(Records drawn from a dataset)
========================================================================

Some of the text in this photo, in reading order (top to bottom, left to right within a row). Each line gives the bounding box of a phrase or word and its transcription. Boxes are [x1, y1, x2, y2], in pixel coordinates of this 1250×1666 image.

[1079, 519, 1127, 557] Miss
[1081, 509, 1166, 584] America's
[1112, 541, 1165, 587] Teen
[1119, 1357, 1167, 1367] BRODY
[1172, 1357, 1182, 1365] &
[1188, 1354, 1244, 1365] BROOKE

========================================================================

| Task to complete |
Nothing in the records may be left out; transcribe all of them exactly.

| Finished exercise |
Some of the text in this photo, in reading order (top to bottom, left to right within a row). Each line gives the bounding box of a phrase or word and its transcription. Boxes are [x1, y1, x2, y2], in pixel coordinates of this 1250×1666 image.

[1079, 519, 1127, 557] Miss
[1081, 509, 1166, 584] America's
[1112, 541, 1165, 587] Teen
[1119, 1357, 1167, 1367] BRODY
[1172, 1357, 1182, 1365] &
[1188, 1354, 1244, 1365] BROOKE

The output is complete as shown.